Limitations & Future Work

  • The learned time-lagged graph is currently only evaluated crudely by AI agents and lacks rigorous clinical validation by medical experts; the clinical credibility of the graph remains an open question.
  • Attribution for unobserved positions during decay imputation is essentially "approximate redistribution" (spread uniformly to observed positions of the same signal), which might introduce explanation bias in extremely sparse signals.
  • Tasks across the three datasets are framed as binary classification; robustness under multi-class classification, continuous risk prediction, and cross-hospital distribution shifts has not been fully verified.
  • The lag \(\tau\) is a hyperparameter requiring grid search; adaptive window selection or multi-scale automatic fusion represents a natural next step.
  • Irregular Time Series Classification: From GRU-D/Latent-ODE/mTAND (modeling temporal dynamics) to RAINDROP/MTGNN (introducing graphs), GARLIC differentiates itself via "utilizing signal dependencies during the reconstruction stage."
  • Time Series Interpretability: Post-hoc (IG, SHAP, LIME) vs.

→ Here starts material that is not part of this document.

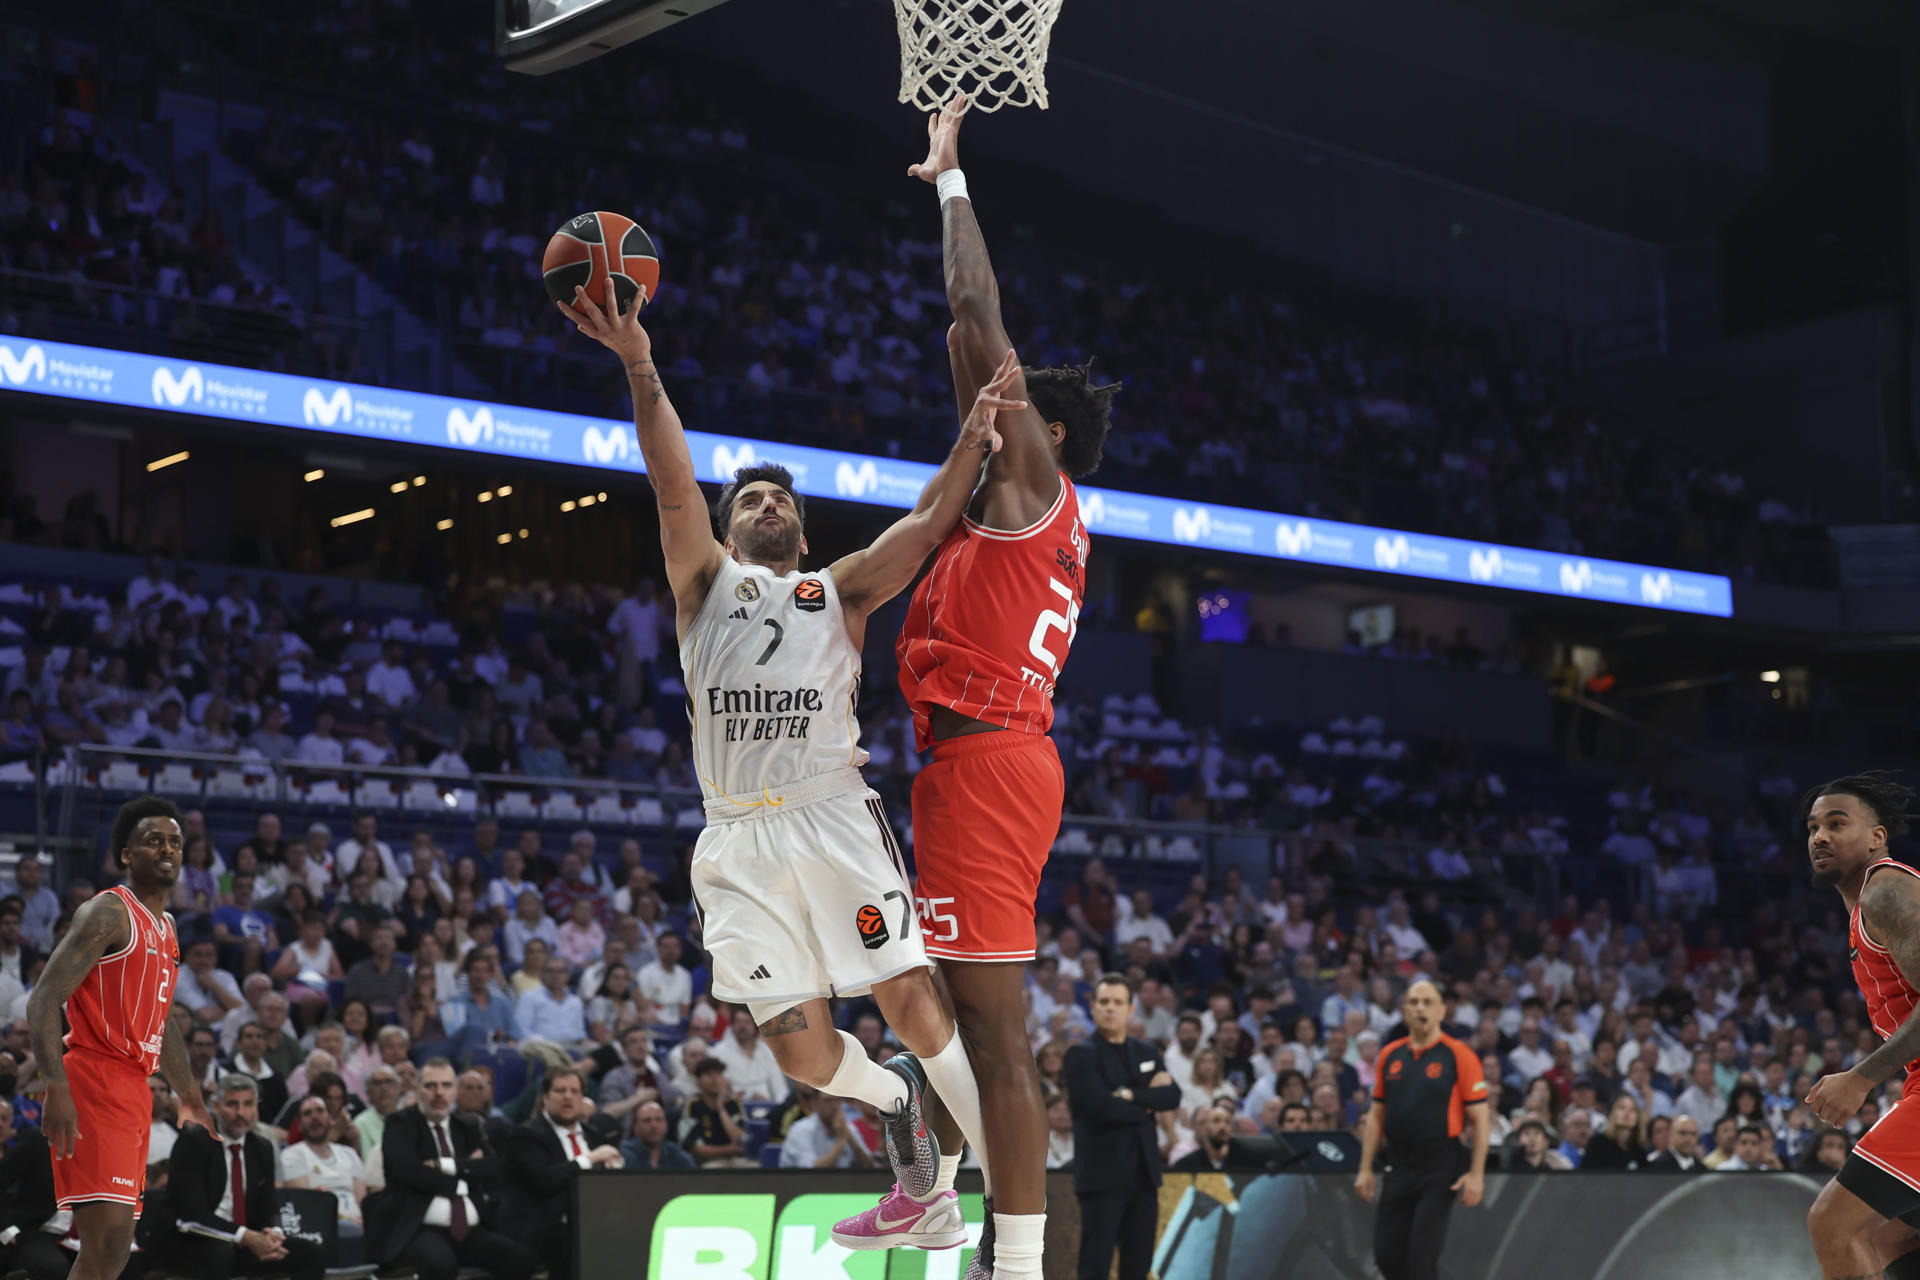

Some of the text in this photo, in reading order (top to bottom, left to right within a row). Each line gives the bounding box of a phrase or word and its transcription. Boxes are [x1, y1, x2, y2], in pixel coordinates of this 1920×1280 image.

[755, 618, 784, 666] 7
[726, 716, 810, 742] FLY BETTER
[883, 889, 910, 941] 7
[158, 968, 169, 1003] 2

Self-interpretable (RETAIN, shapelets, IMV-LSTM, DARNN). GARLIC belongs to the latter but solves the issue of losing instantaneous saliency by calculating signal-level attention before recurrent modeling and incorporating graph propagation into the attribution chain.
  • Insights: When interpretability is a hard constraint, rather than searching for explanations post-training, it is better to design the explanatory structure as part of the forward computation—this is both computationally efficient and inherently consistent, a strategy transferable to other high-stakes decision-making scenarios.

Rating

  • Novelty: ⭐⭐⭐⭐ — While individual components (decay imputation, graph message passing, attention) are not pioneering, the combination of "graphical dependency during reconstruction + forward-as-attribution + alternating decoupled optimization" is a meaningful new assembly for irregular medical time series.

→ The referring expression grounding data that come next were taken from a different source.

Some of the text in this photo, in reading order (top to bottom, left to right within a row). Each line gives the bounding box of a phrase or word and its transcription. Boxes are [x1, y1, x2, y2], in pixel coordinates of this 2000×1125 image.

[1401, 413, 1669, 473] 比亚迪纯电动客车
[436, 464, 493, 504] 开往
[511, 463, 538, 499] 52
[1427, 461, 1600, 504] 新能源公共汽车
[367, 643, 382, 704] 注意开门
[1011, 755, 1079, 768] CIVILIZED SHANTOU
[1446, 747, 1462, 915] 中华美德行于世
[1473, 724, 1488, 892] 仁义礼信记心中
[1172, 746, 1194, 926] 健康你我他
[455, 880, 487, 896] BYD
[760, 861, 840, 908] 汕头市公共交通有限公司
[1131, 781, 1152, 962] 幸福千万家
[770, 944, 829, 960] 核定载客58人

  • Experimental Thoroughness: ⭐⭐⭐⭐ — Covers three ICU benchmarks + 15 baselines + module-wise ablation + ROAR-style fidelity (with TOST/Page's L tests) + efficiency and cross-domain generalization; missing only clinical validation of the graph.
  • Writing Quality: ⭐⭐⭐⭐ — Clear logic from motivation to method and attribution chain; formulas and figures are well-coordinated, and the attribution derivation is well-explained.
  • Value: ⭐⭐⭐⭐ — Simultaneously achieves accuracy and endogenous interpretability in high-risk clinical scenarios without degrading efficiency, showing clear deployment value.